## PROBLEM TO WORK ON
Aside from the pictures, copy the listing exactly.

## DATA FOR PROCESSING

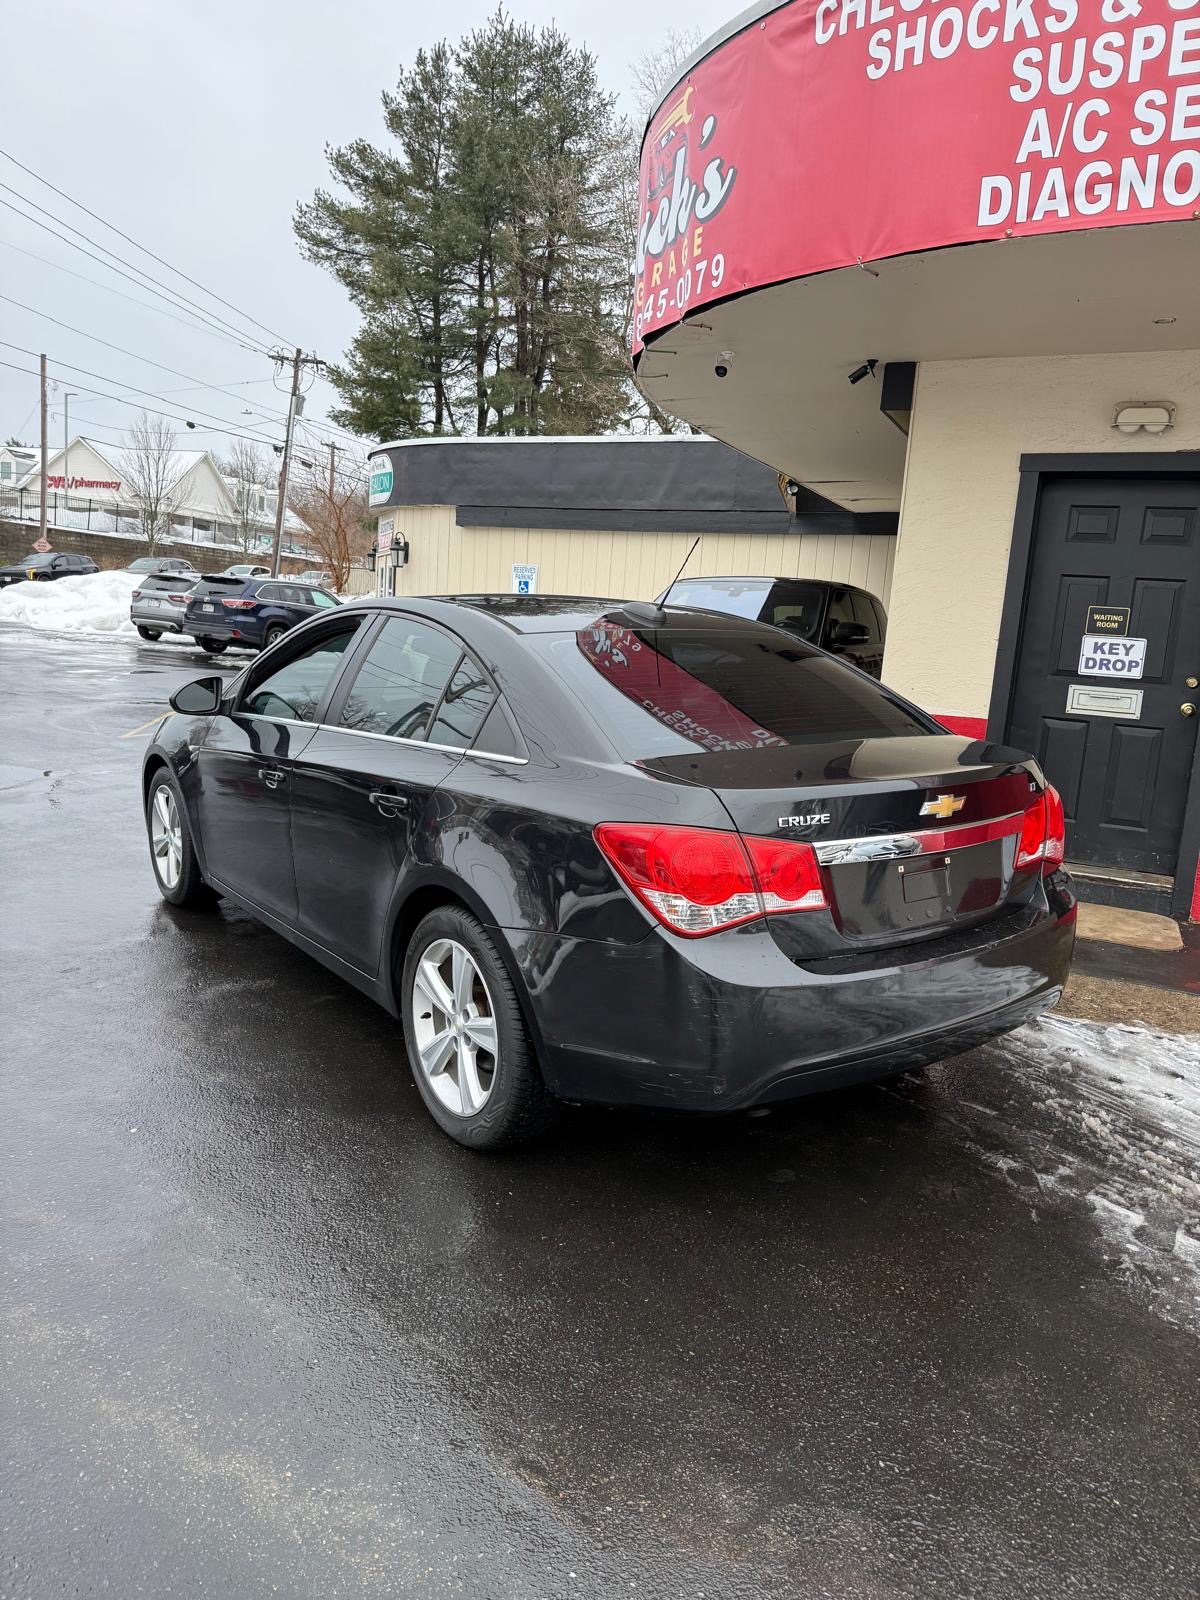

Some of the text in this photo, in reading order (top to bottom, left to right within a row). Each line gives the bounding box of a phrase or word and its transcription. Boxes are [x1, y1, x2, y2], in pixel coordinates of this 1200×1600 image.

[866, 0, 1079, 81] SHOCKS
[1015, 98, 1111, 164] A/C
[515, 573, 534, 581] PARKING
[1093, 613, 1124, 622] WAITING
[1096, 621, 1119, 629] ROOM
[1092, 641, 1136, 657] KEY
[1084, 657, 1140, 673] DROP
[778, 813, 831, 828] CRUZE
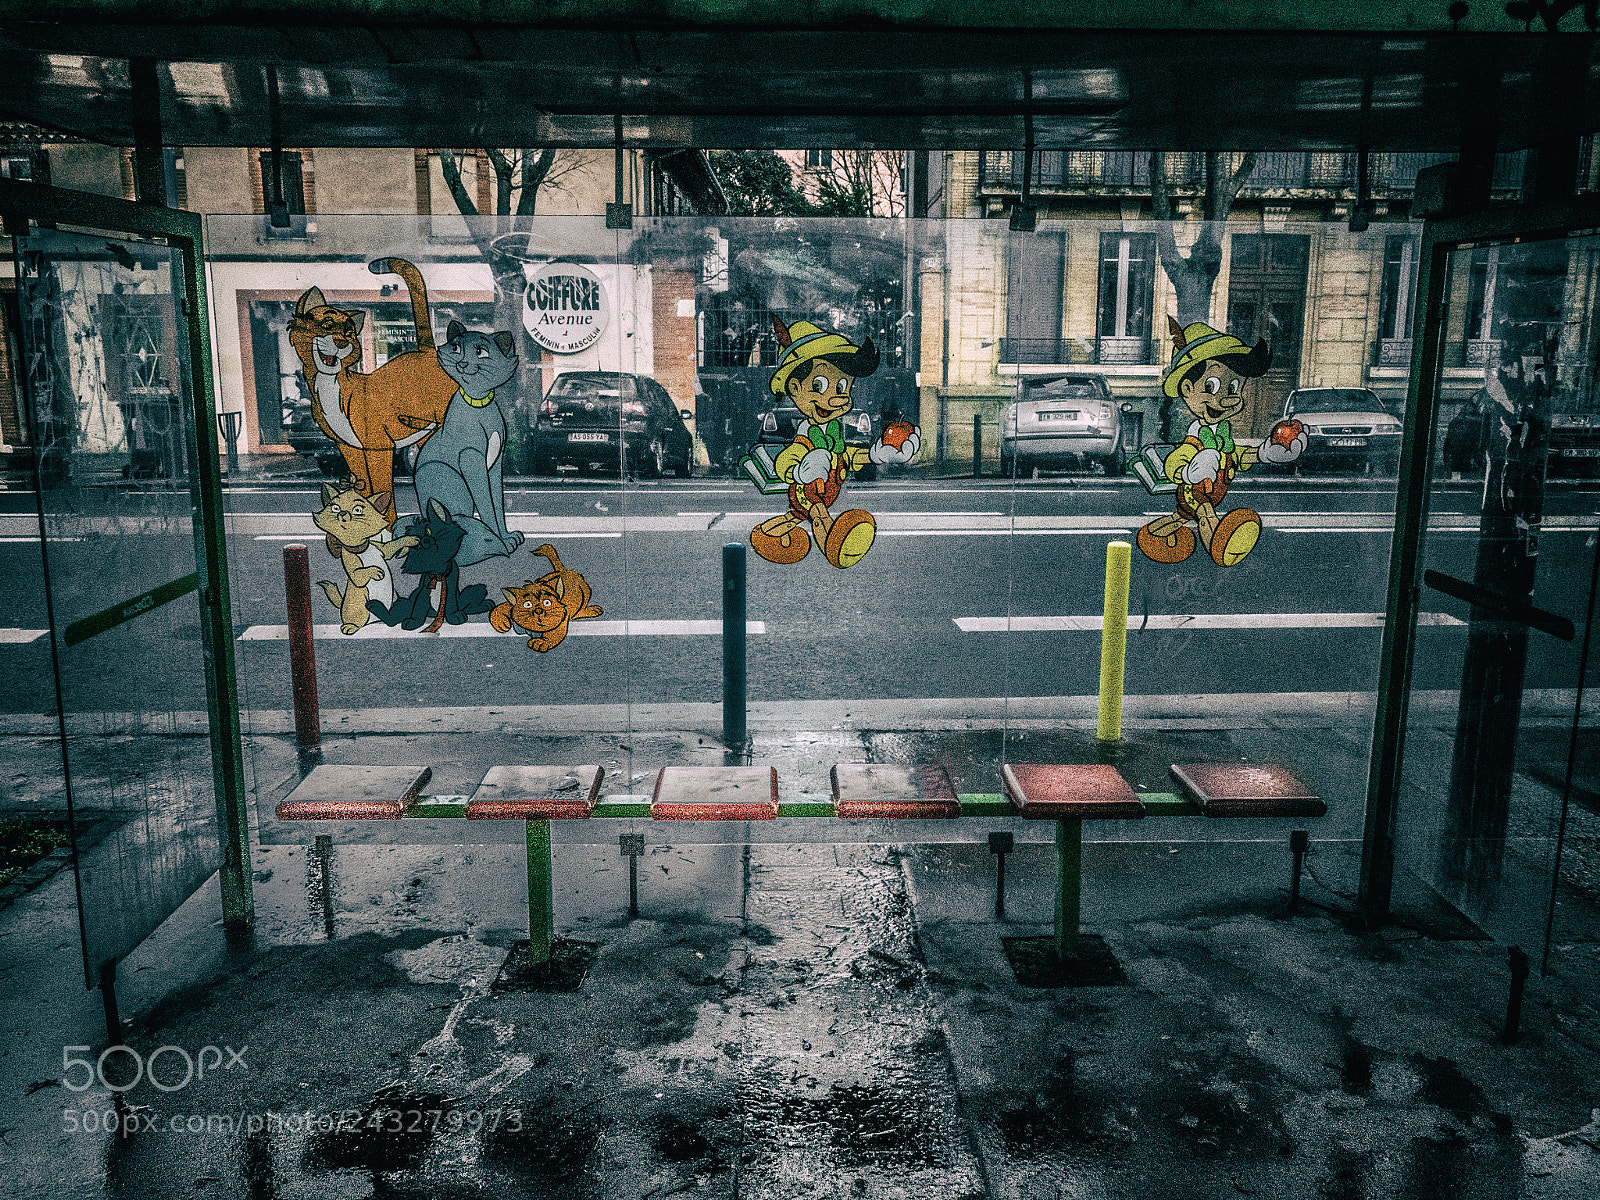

## RESULT BELOW
Some of the text in this photo, in reading order (top to bottom, left to right within a row). Each line gives the bounding box of a phrase or word and its transcription. Boxes are [x1, y1, x2, y2], in pixel coordinates of this 1200×1600 image.

[866, 0, 1079, 81] SHOCKS
[1015, 98, 1111, 164] A/C
[515, 573, 534, 581] PARKING
[1093, 613, 1124, 622] WAITING
[1096, 621, 1119, 629] ROOM
[1092, 641, 1136, 657] KEY
[1084, 657, 1140, 673] DROP
[778, 813, 831, 828] CRUZE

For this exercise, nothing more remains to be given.